__WHAT IS NEEDED__.
Starting at the line that holds "this 1280×1709 image.", copy every line exactly through the end of the data, and no others.

__INFORMATION SUPPLIED__.
= Beginning of Section =

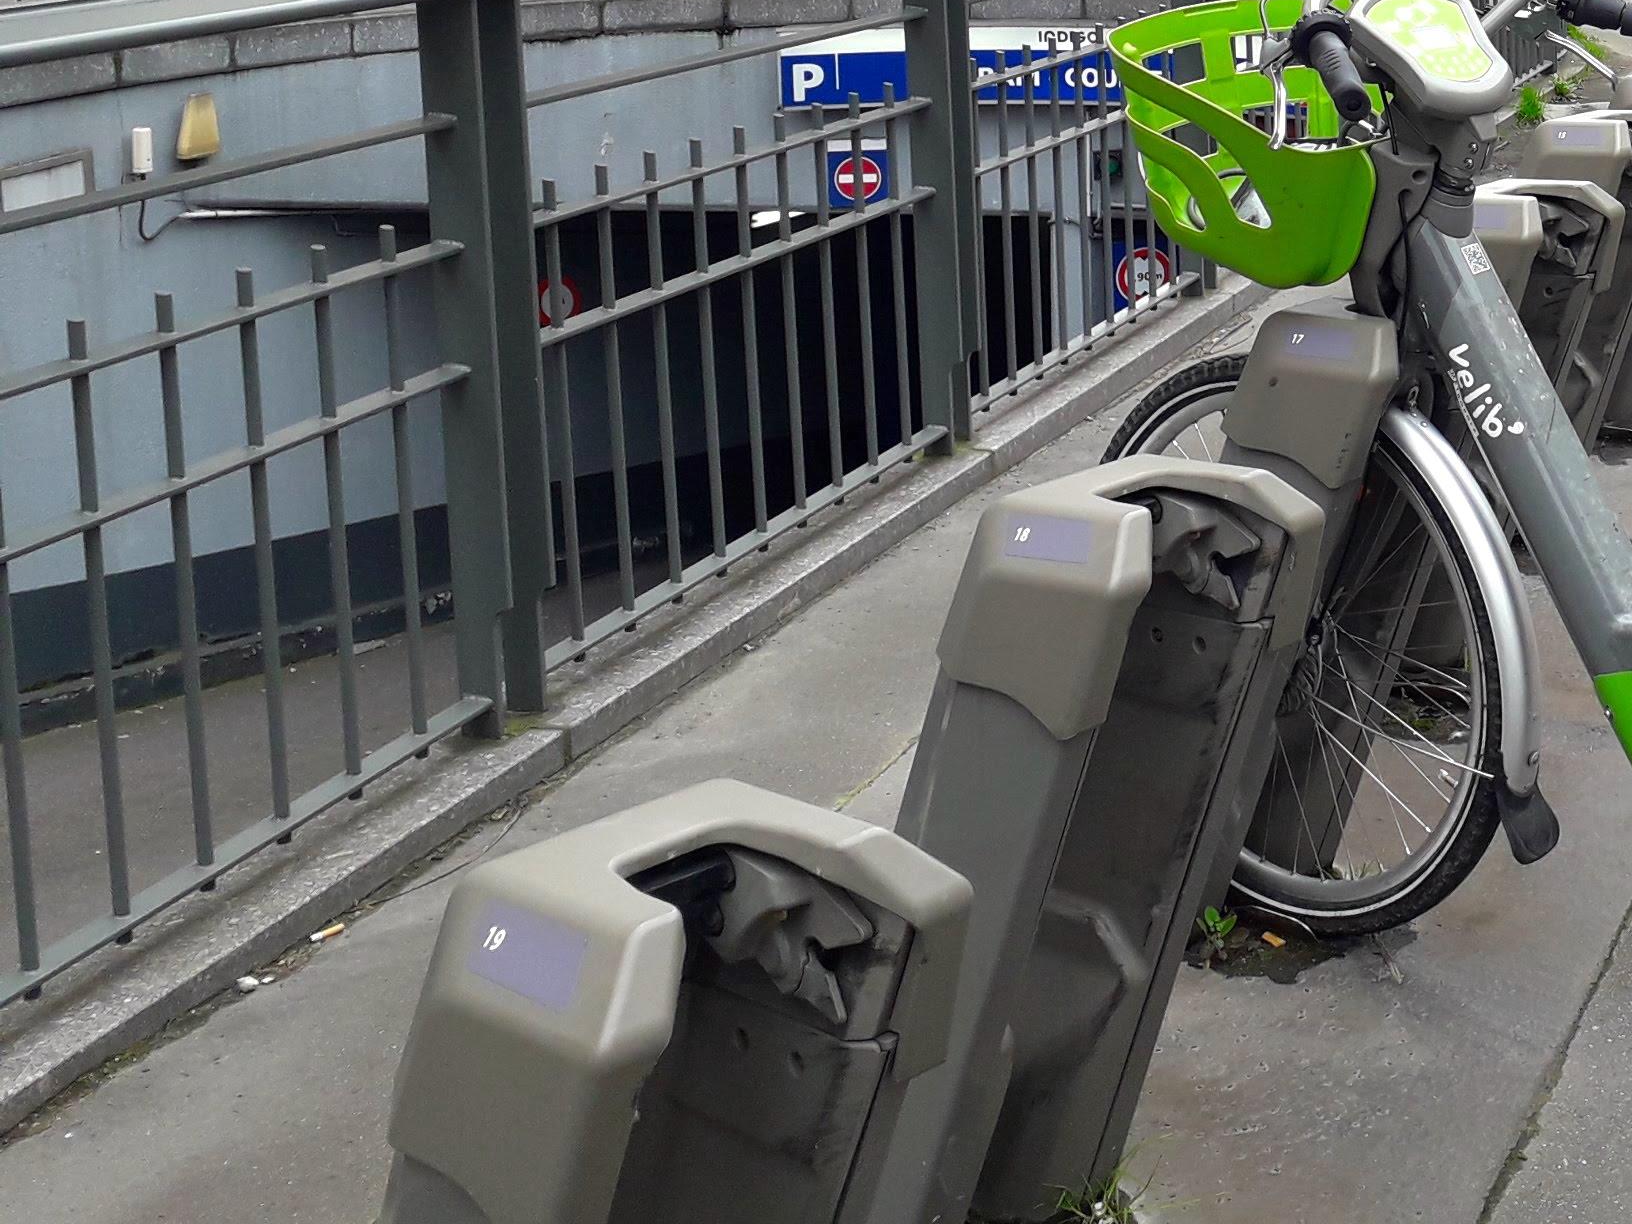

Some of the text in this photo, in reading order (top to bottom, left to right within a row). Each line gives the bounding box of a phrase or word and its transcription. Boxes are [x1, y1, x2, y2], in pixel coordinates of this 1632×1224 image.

[1039, 30, 1097, 44] INDGO
[791, 63, 825, 104] P
[1291, 333, 1305, 344] 17
[1014, 527, 1031, 542] 18
[483, 926, 506, 950] 19
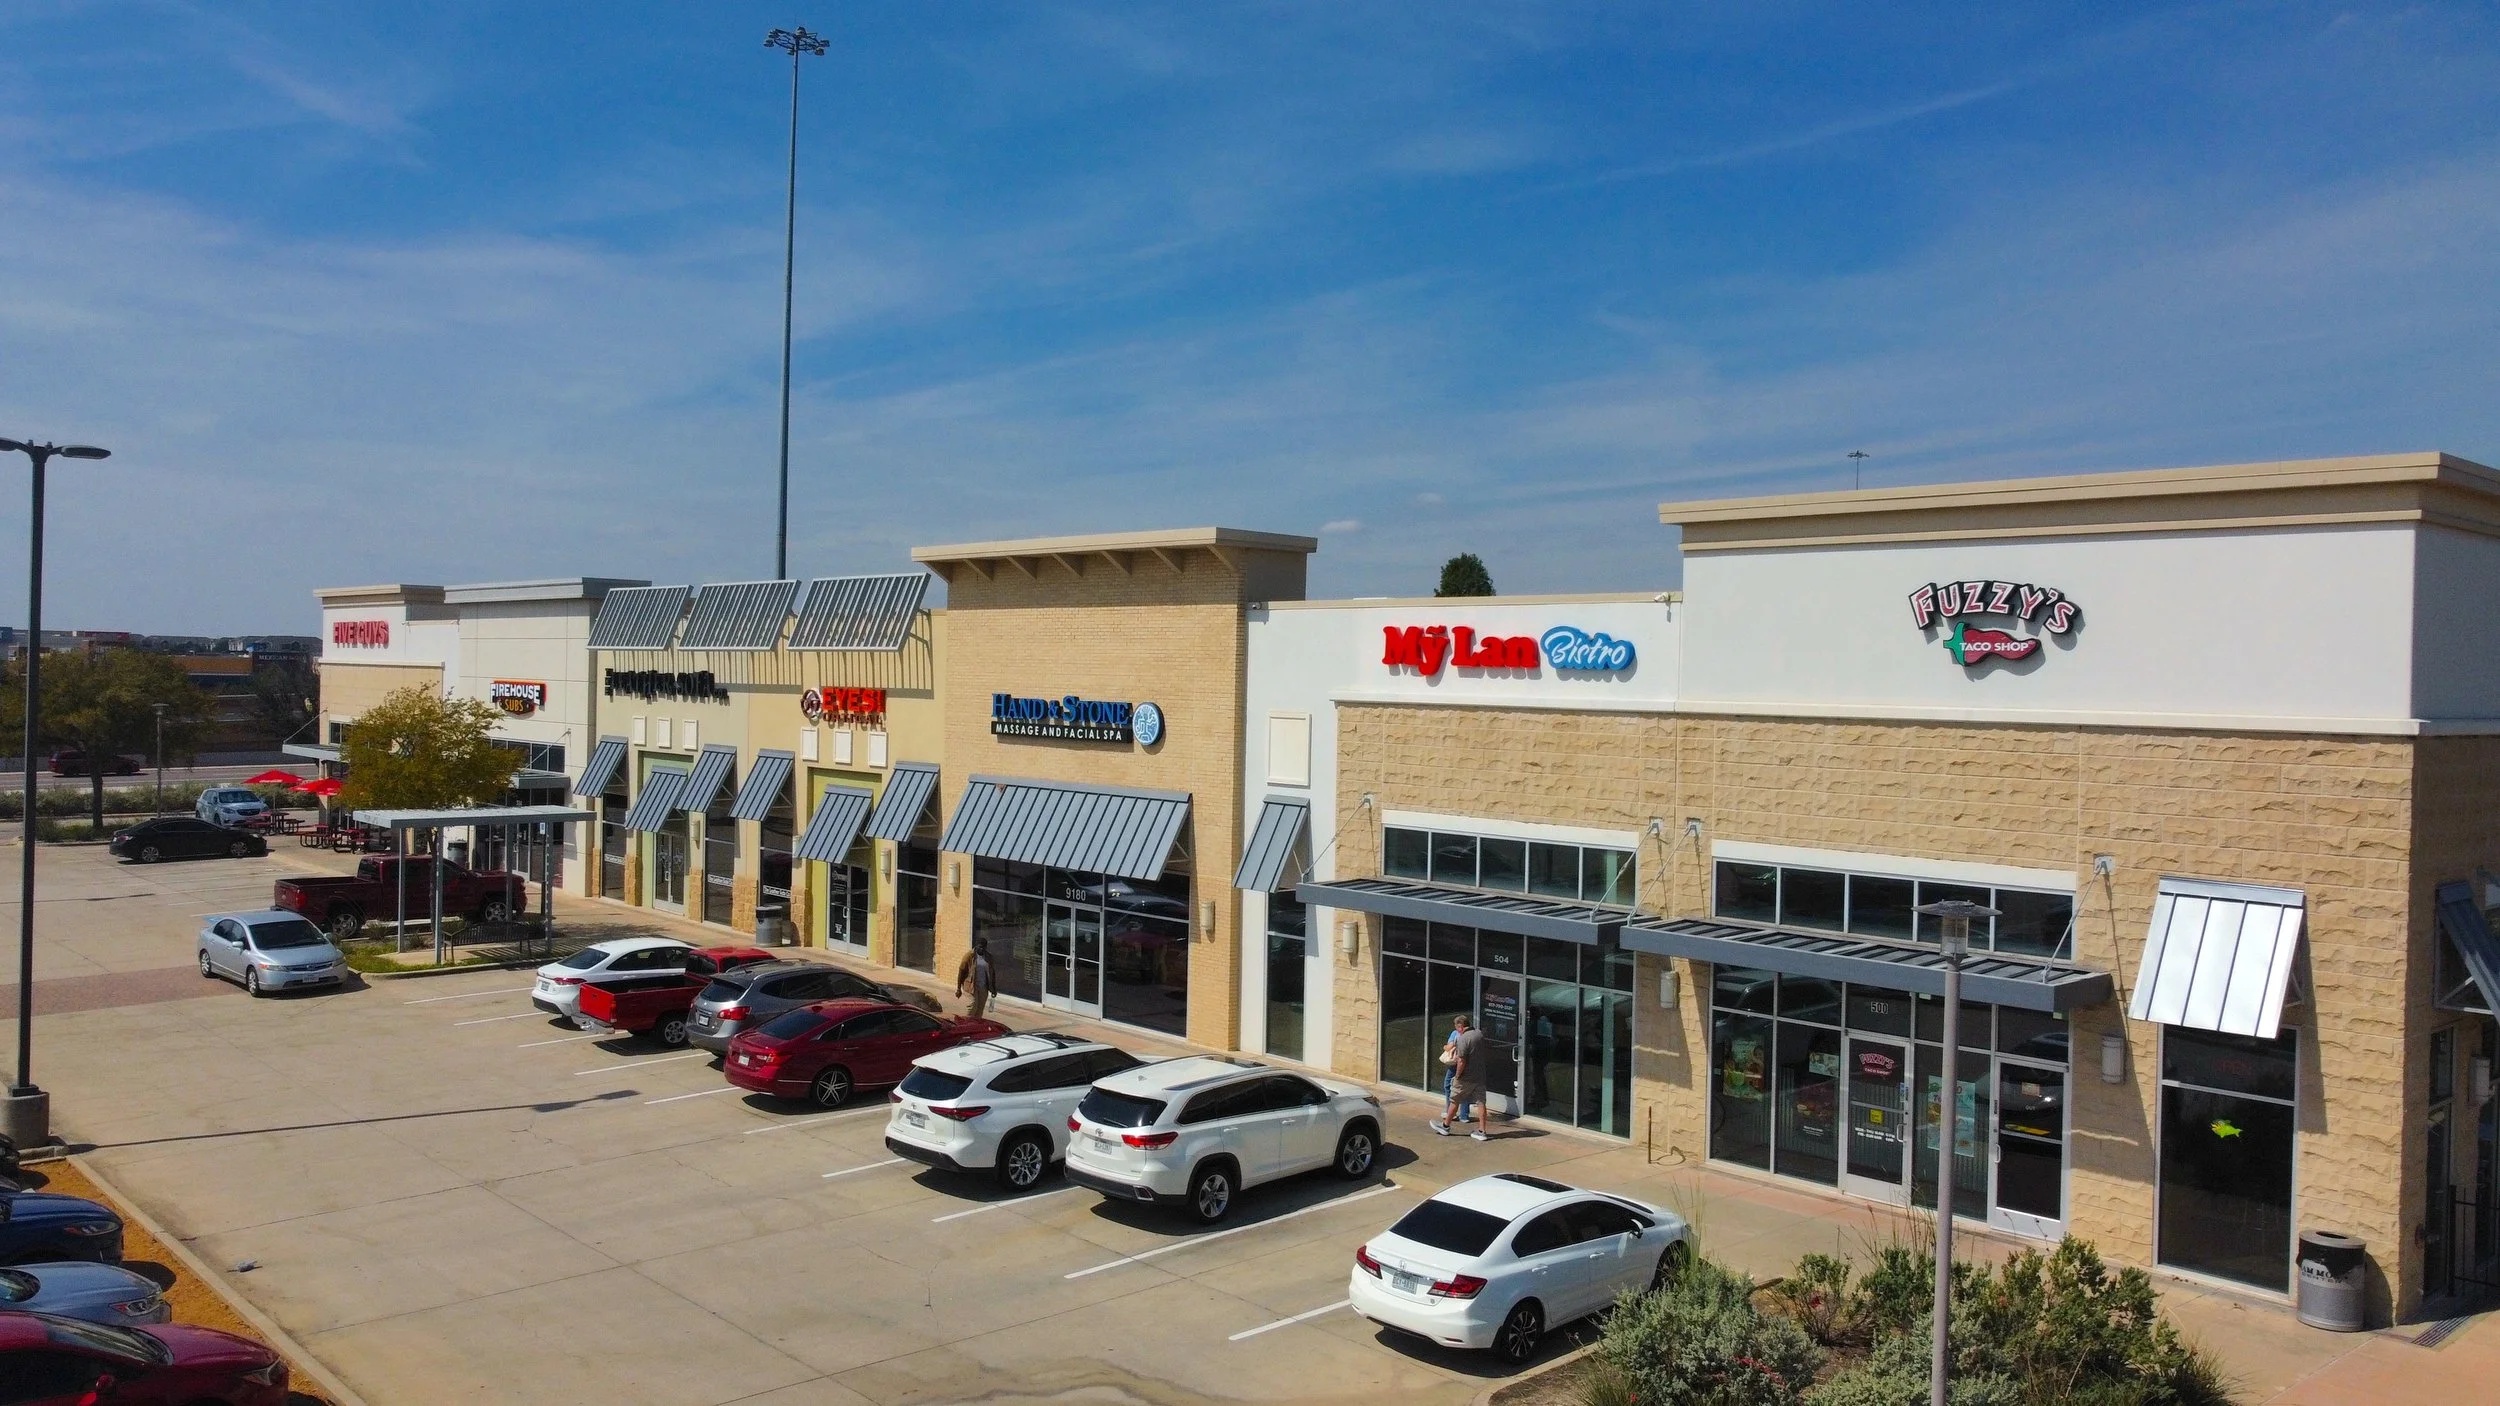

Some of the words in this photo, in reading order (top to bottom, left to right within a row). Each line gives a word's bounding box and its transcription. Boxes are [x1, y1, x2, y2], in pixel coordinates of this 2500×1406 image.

[1909, 582, 2079, 634] FUZZY'S
[333, 622, 357, 644] FIVE
[358, 621, 389, 645] GUYS
[1451, 626, 1540, 668] Lan
[1544, 630, 1628, 666] Bistro
[1959, 642, 1991, 652] TACO
[1995, 642, 2029, 652] SHOP
[490, 684, 541, 705] FIREHOUSE
[822, 688, 886, 713] EYES!
[504, 699, 524, 711] SUBS
[992, 693, 1045, 719] HAND
[1048, 701, 1059, 718] &
[1063, 695, 1128, 725] STONE
[996, 724, 1039, 736] MASSAGE
[1041, 727, 1062, 738] AND
[1064, 728, 1101, 740] FACIAL
[1103, 730, 1122, 740] SPA
[1066, 888, 1086, 901] 9180
[1494, 955, 1509, 964] 504
[1871, 1002, 1888, 1014] 500
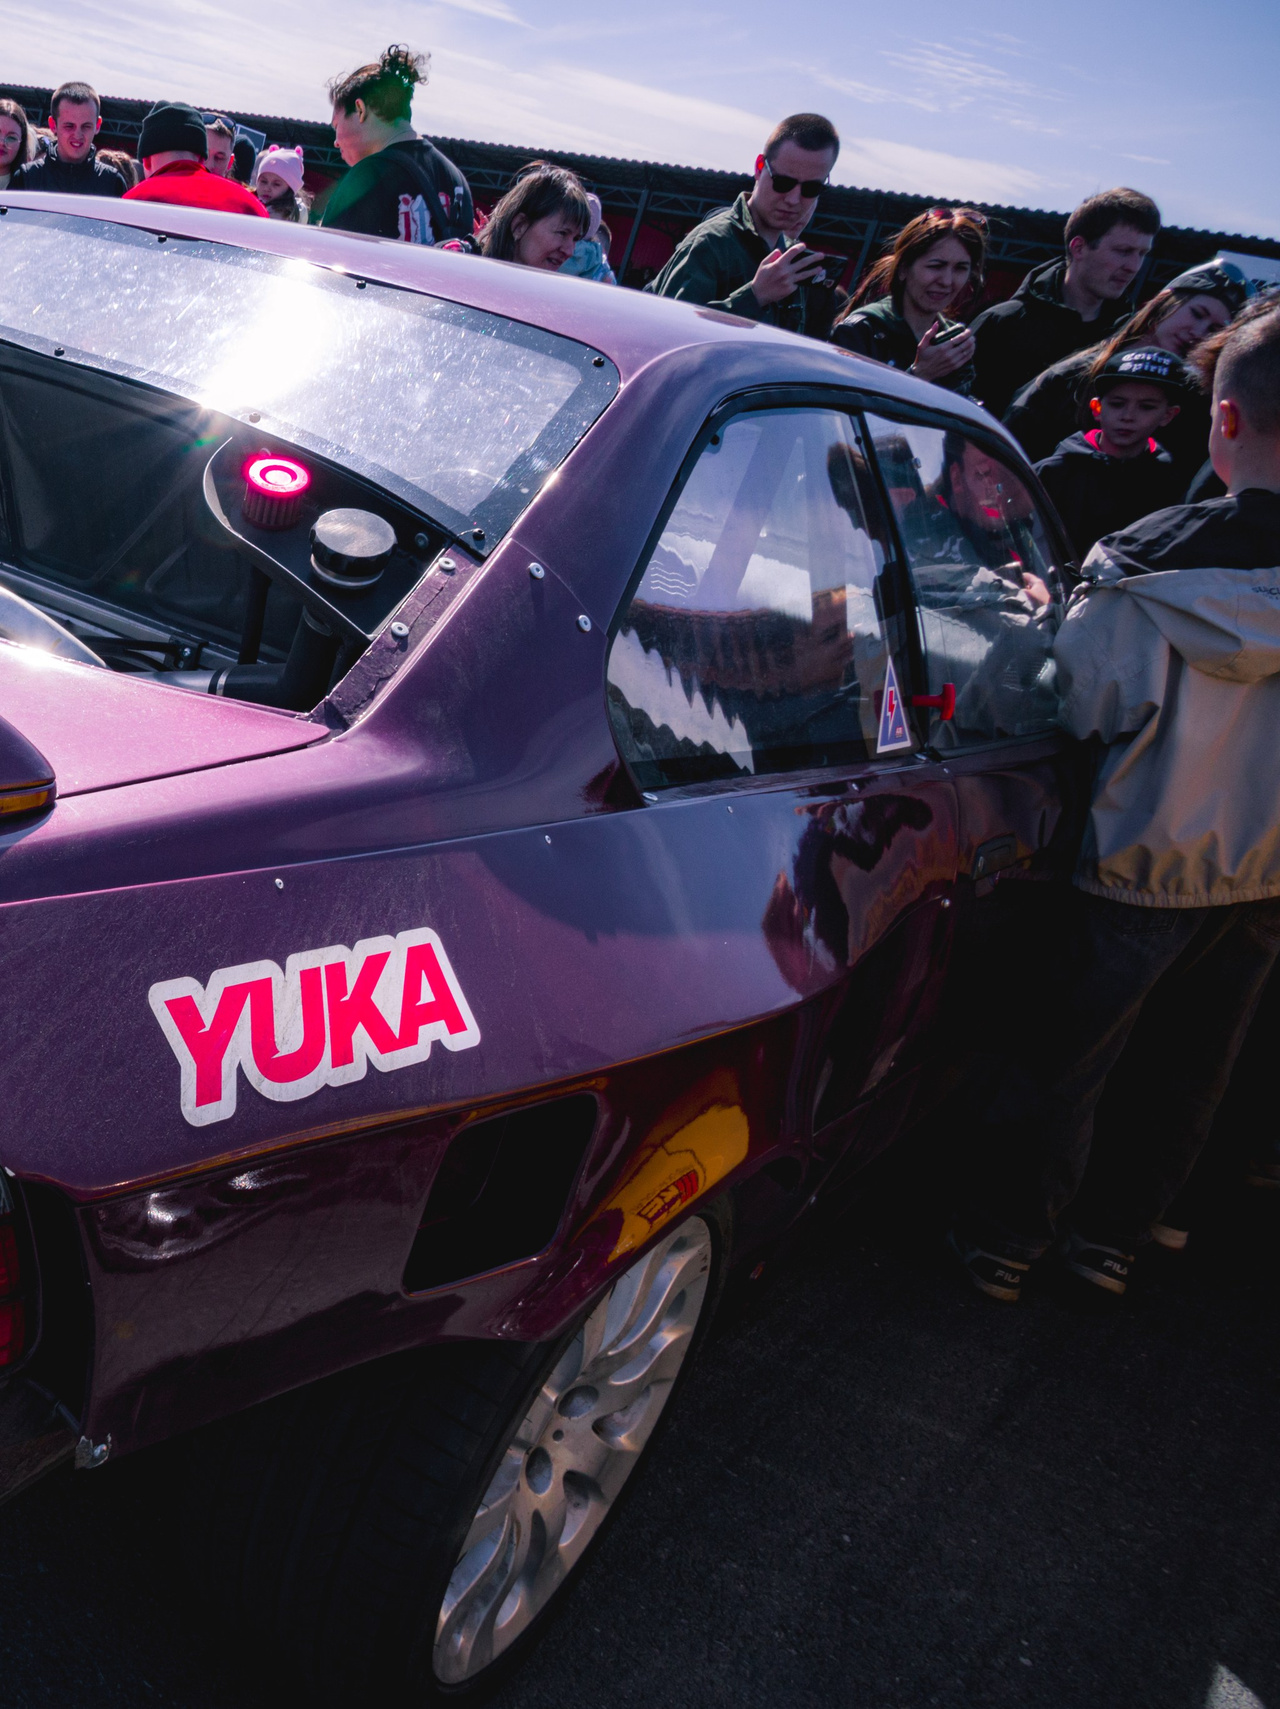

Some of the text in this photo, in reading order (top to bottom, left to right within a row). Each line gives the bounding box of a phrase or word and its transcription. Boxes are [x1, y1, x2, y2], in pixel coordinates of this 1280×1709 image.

[160, 938, 472, 1112] YUKA
[994, 1268, 1021, 1284] FILA
[1102, 1258, 1129, 1276] FILA

= End of Section =

__ANSWER SECTION__.
Some of the text in this photo, in reading order (top to bottom, left to right within a row). Each line gives the bounding box of a phrase or word and its transcription. Boxes are [x1, y1, x2, y2], in pixel coordinates of this 1280×1709 image.

[160, 938, 472, 1112] YUKA
[994, 1268, 1021, 1284] FILA
[1102, 1258, 1129, 1276] FILA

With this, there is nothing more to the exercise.